Scientific publications from the Open Force Field Initiative.
Improving force field accuracy by training against condensed phase mixture properties
Simon Boothroyd, Owen C. Madin, David L. Mobley, Lee-Ping Wang, John D. Chodera and Michael R. Shirts
Code accompanying the publication: SimonBoothroyd/binary-mixture-publication
Developing a sufficiently accurate classical force field representation of molecules is key to realizing the full potential of molecular simulation as a route to gaining fundamental insight into a broad spectrum of chemical and biological phenomena. This is only possible, however, if the many complex interactions between molecules of different species in the system are accurately captured by the model. Historically, the intermolecular van der Waals (vdW) interactions have primarily been trained against densities and enthalpies of vaporization of pure (single-component) systems, with occasional usage of hydration free energies.
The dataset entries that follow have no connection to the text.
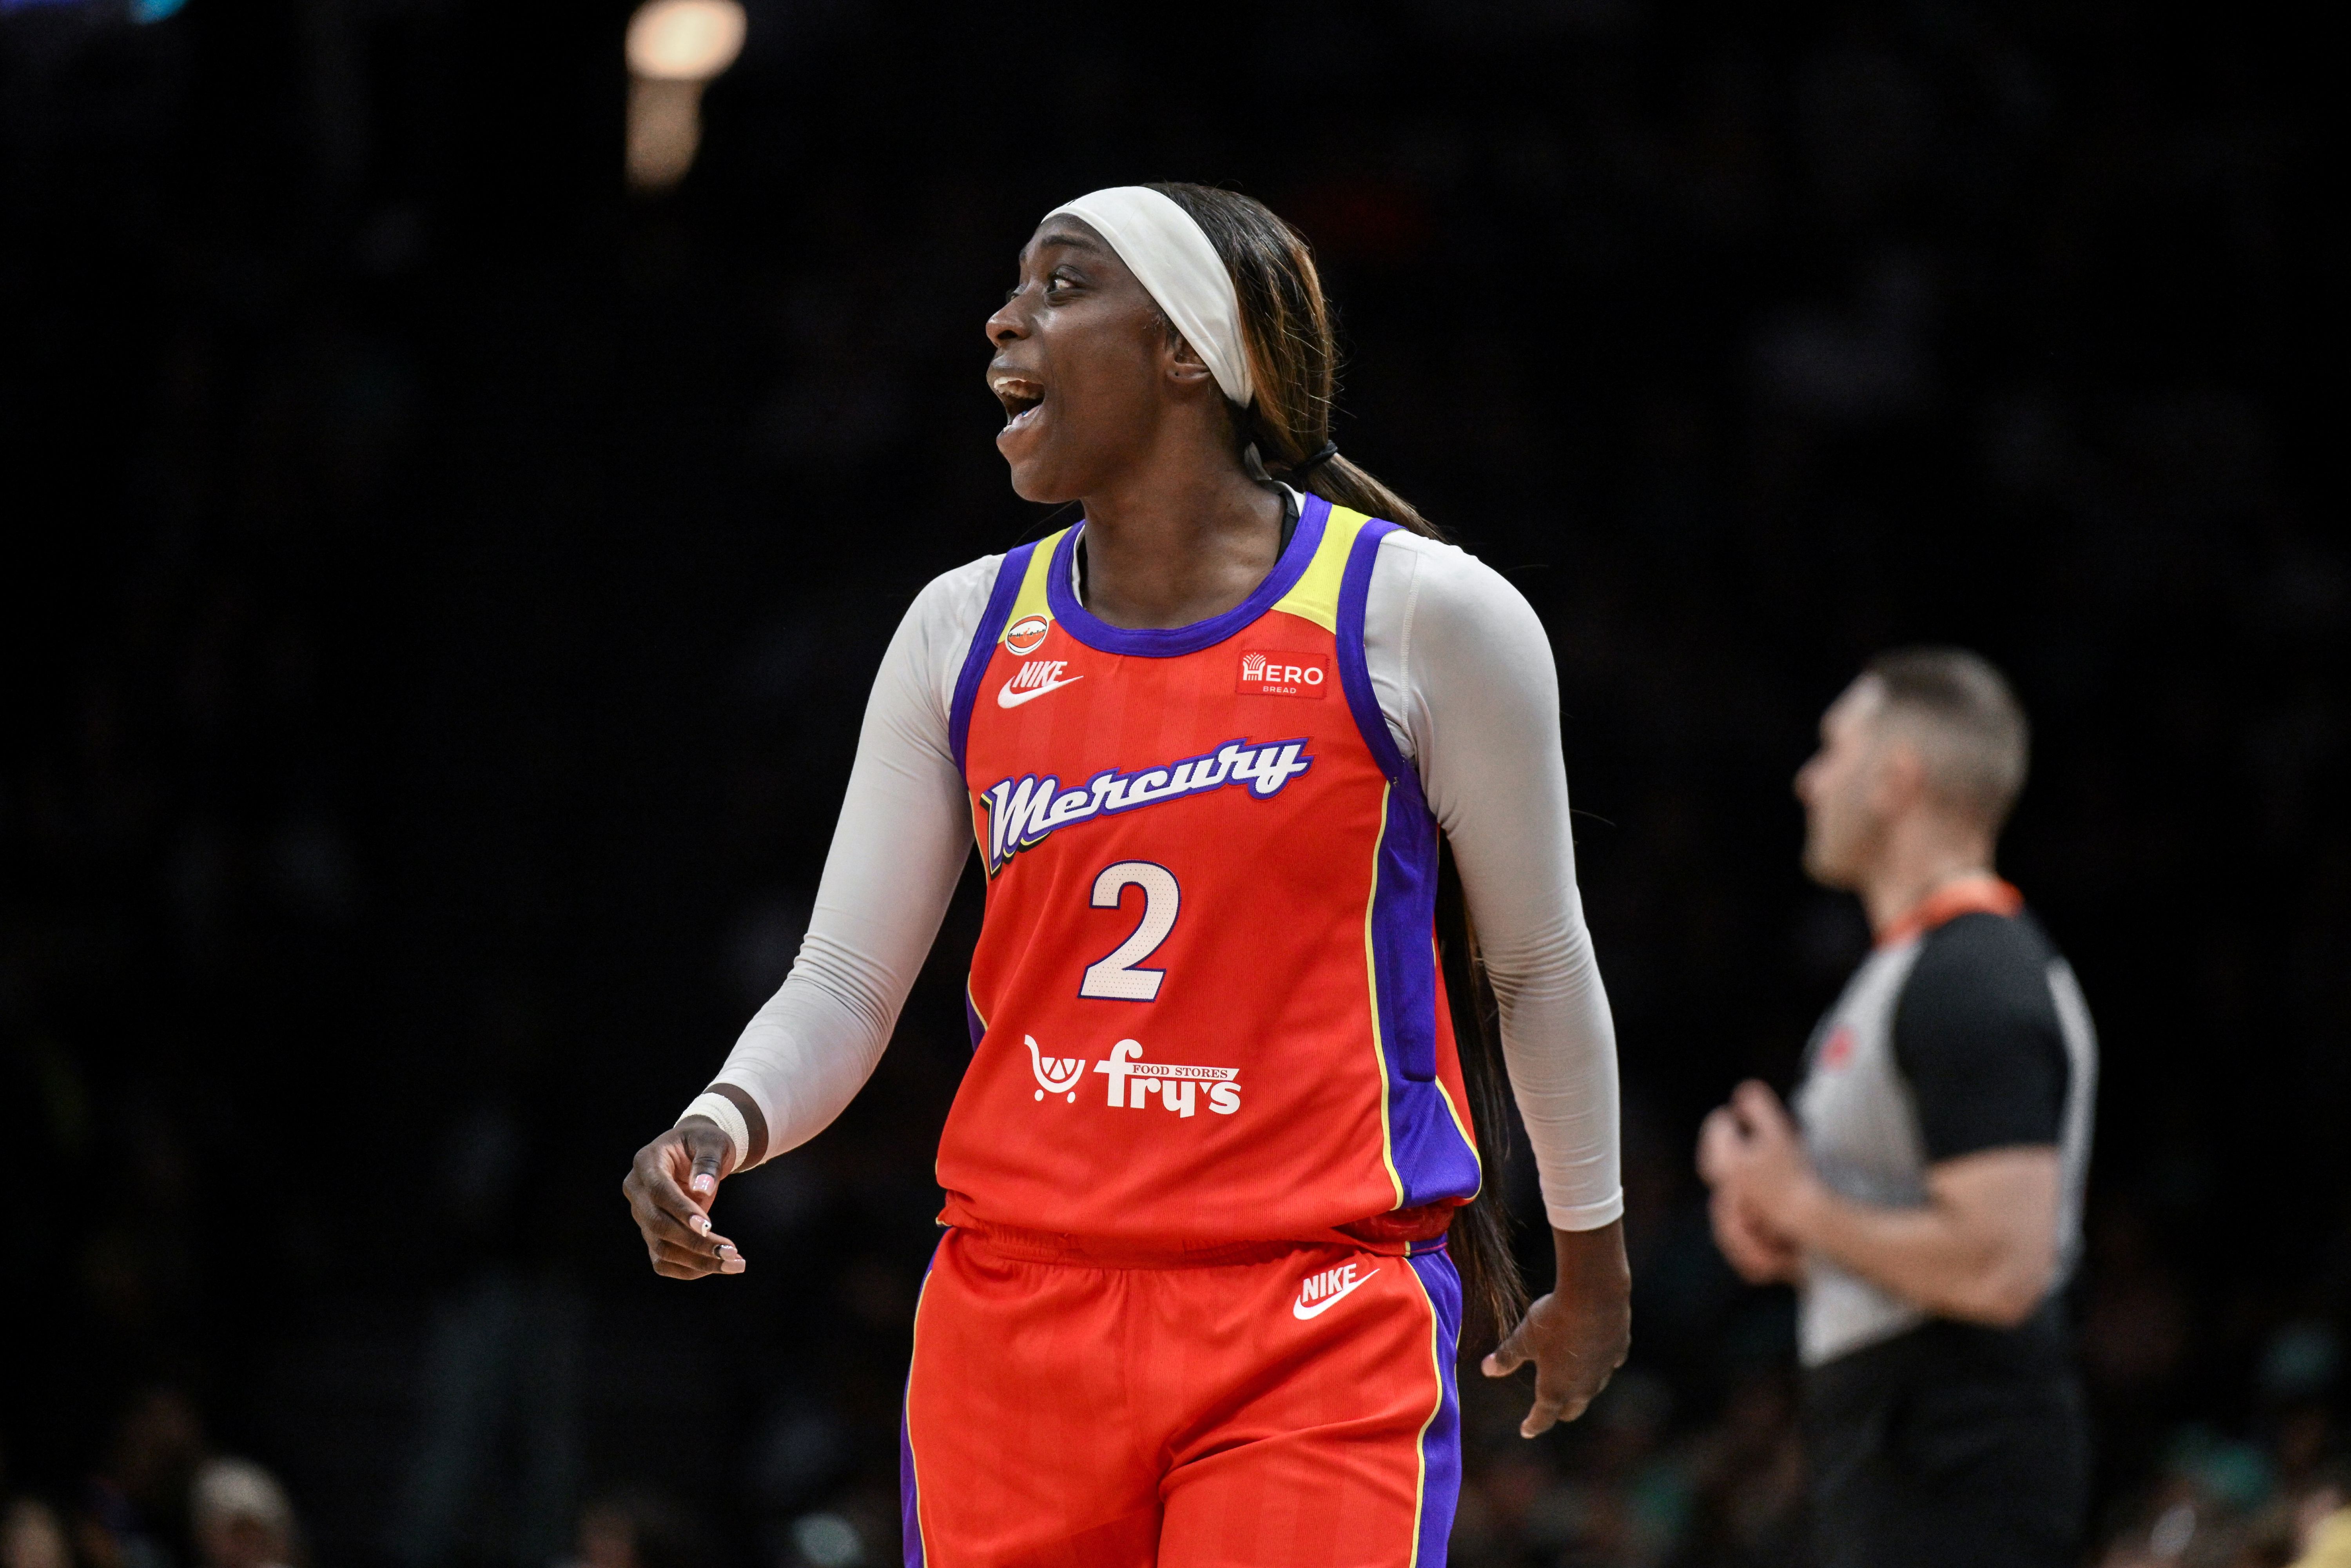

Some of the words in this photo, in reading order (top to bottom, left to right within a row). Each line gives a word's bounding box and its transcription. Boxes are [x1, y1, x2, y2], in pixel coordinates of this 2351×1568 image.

[1012, 661, 1068, 688] NIKE
[1243, 652, 1323, 685] HERO
[984, 737, 1314, 867] Mercury
[1078, 859, 1181, 1002] 2
[1132, 1064, 1170, 1076] FOOD
[1175, 1067, 1228, 1078] STORES
[1302, 1263, 1357, 1303] NIKE
In this study, we demonstrate how including physical property data of binary mixtures can better inform these parameters, encoding more information about the underlying physics of the system in complex chemical mixtures. To demonstrate this, we re-train a select number of the Lennard-Jones parameters describing the vdW interactions of the OpenFF 1.0.0 (Parsley) fixed charge force field against training sets composed of densities and enthalpies of mixing for binary liquid mixtures as well as densities and enthalpies of vaporization of pure liquid systems, and assess the performance of each of these combinations. We show that retraining against the mixture data almost universally improves the force field’s ability to reproduce both pure and mixture properties, reducing some systematic errors that exist when training vdW interactions against properties of pure systems only.
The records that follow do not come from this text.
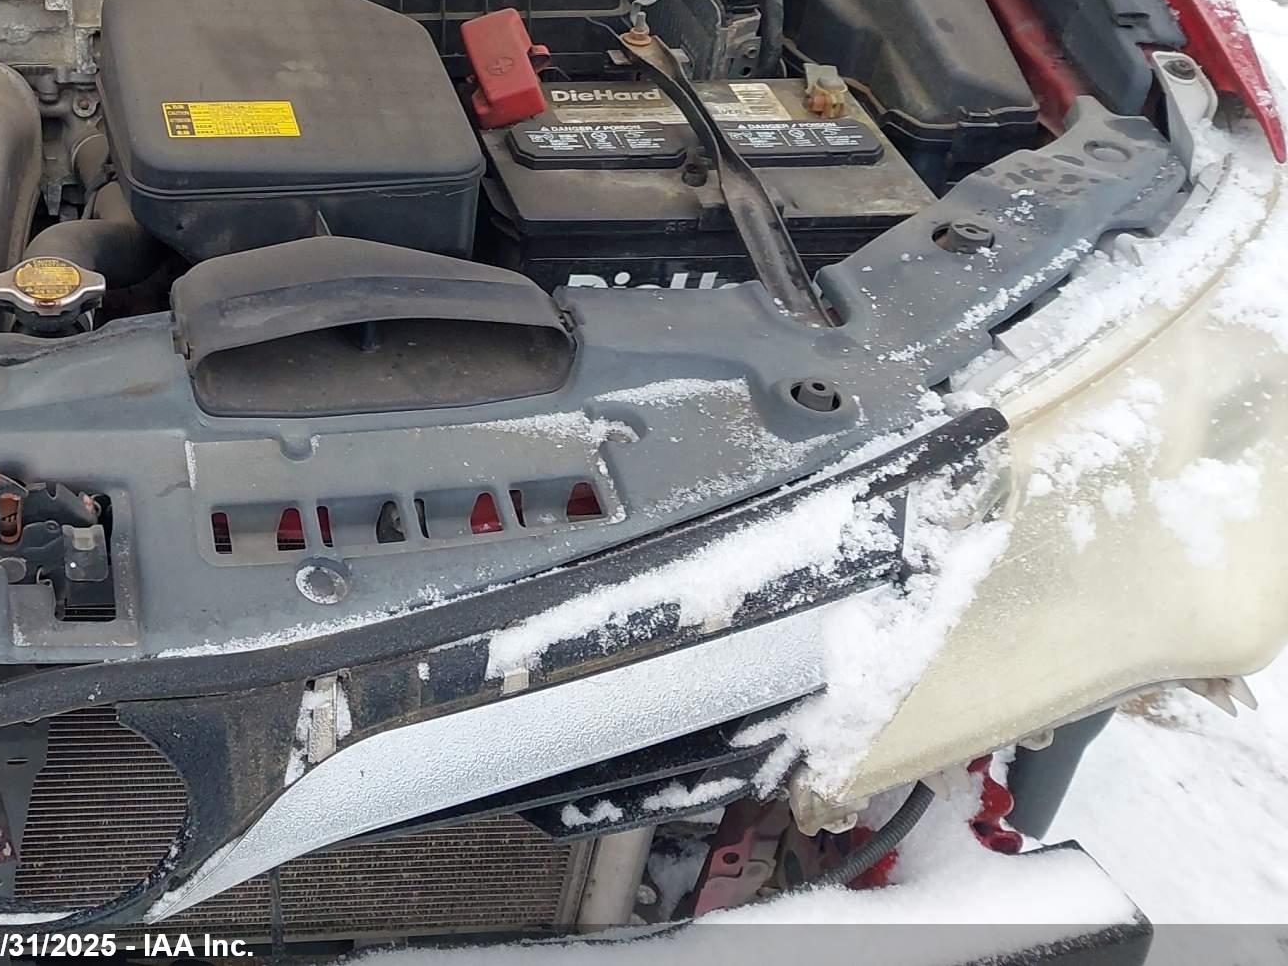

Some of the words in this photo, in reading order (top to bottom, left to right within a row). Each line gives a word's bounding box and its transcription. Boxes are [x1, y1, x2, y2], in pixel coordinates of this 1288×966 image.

[550, 88, 662, 102] DieHard
[747, 122, 789, 130] DANGER
[797, 121, 838, 129] POISON
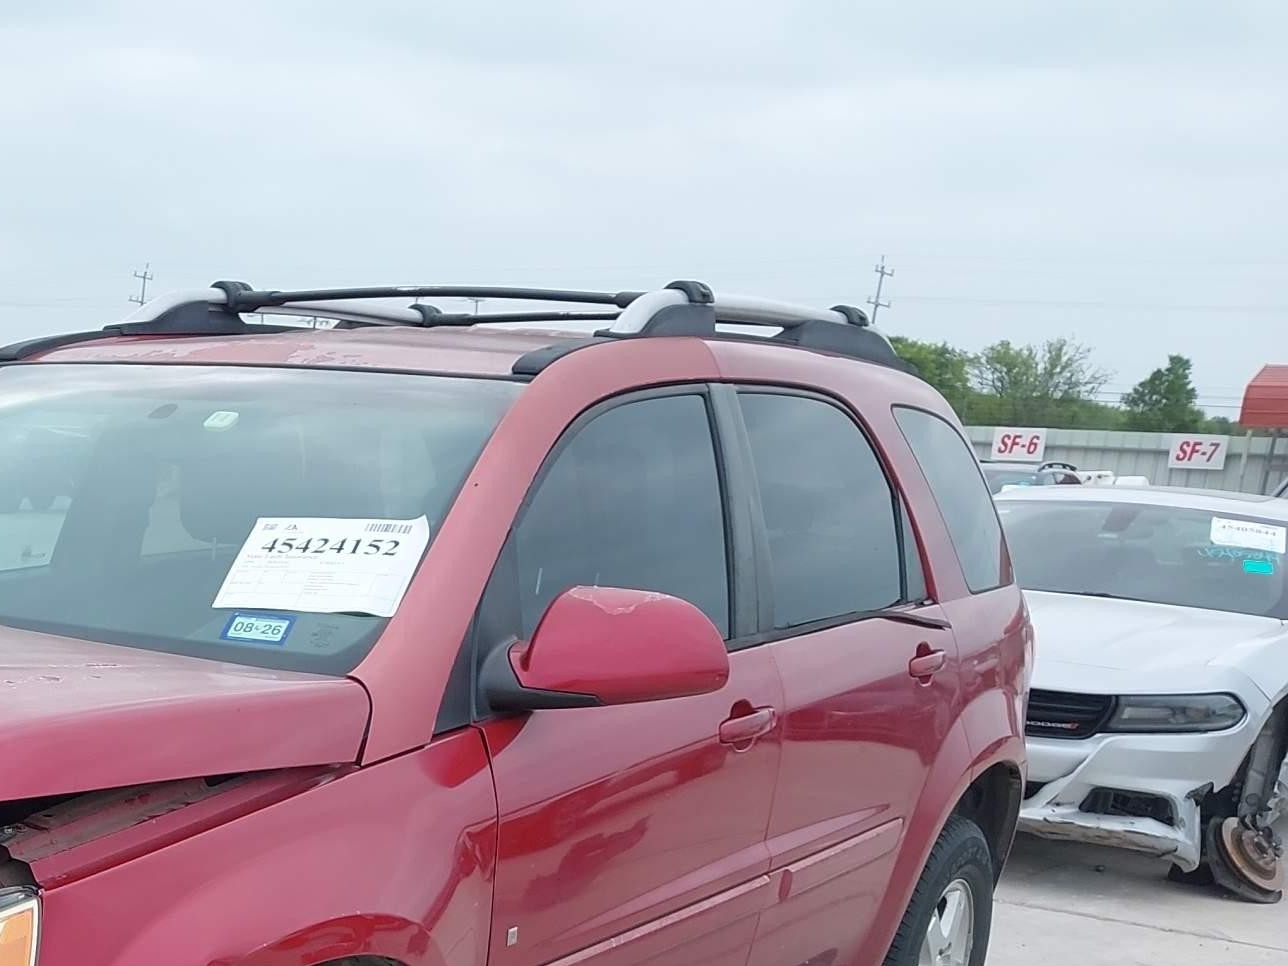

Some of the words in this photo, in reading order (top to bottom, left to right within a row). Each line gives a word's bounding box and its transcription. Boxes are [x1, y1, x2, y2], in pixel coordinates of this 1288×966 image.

[998, 434, 1040, 455] SF-6
[1175, 440, 1221, 463] SF-7
[261, 537, 400, 556] 45424152
[233, 621, 254, 633] 08
[260, 623, 283, 636] 26
The Open Force Field Evaluator: An automated, efficient, and scalable framework for the estimation of physical properties from molecular simulation
Simon Boothroyd, Lee-Ping Wang, David Mobley, John Chodera, and Michael Shirts
Code accompanying the publication: openforcefield/openff-evaluator
Parameterization and assessment of force fields against high-quality, condensed phase physical property data is an integral aspect of force field development. Here we present an entirely automated, highly scalable framework for evaluating physical properties and their gradients in terms of force field parameters. It is written as a modular and extensible Python framework, which employs an intelligent multiscale estimation approach that allows for the automated estimation of properties from simulation and cached simulation data, and a pluggable API for estimation of new properties. In this study we demonstrate the utility of the framework by benchmarking the OpenFF 1.0.0 small molecule force field, GAFF 1.8 and GAFF 2.1 force fields against a test set of binary density and enthalpy of mixing measurements curated using the frameworks utilities. Further, we demonstrate the framework’s utility as part of force field optimization by using it alongside ForceBalance, a framework for systematic force field optimization, to retrain a set of non-bonded van der Waals parameters against a training set of density and enthalpy of vaporization measurements.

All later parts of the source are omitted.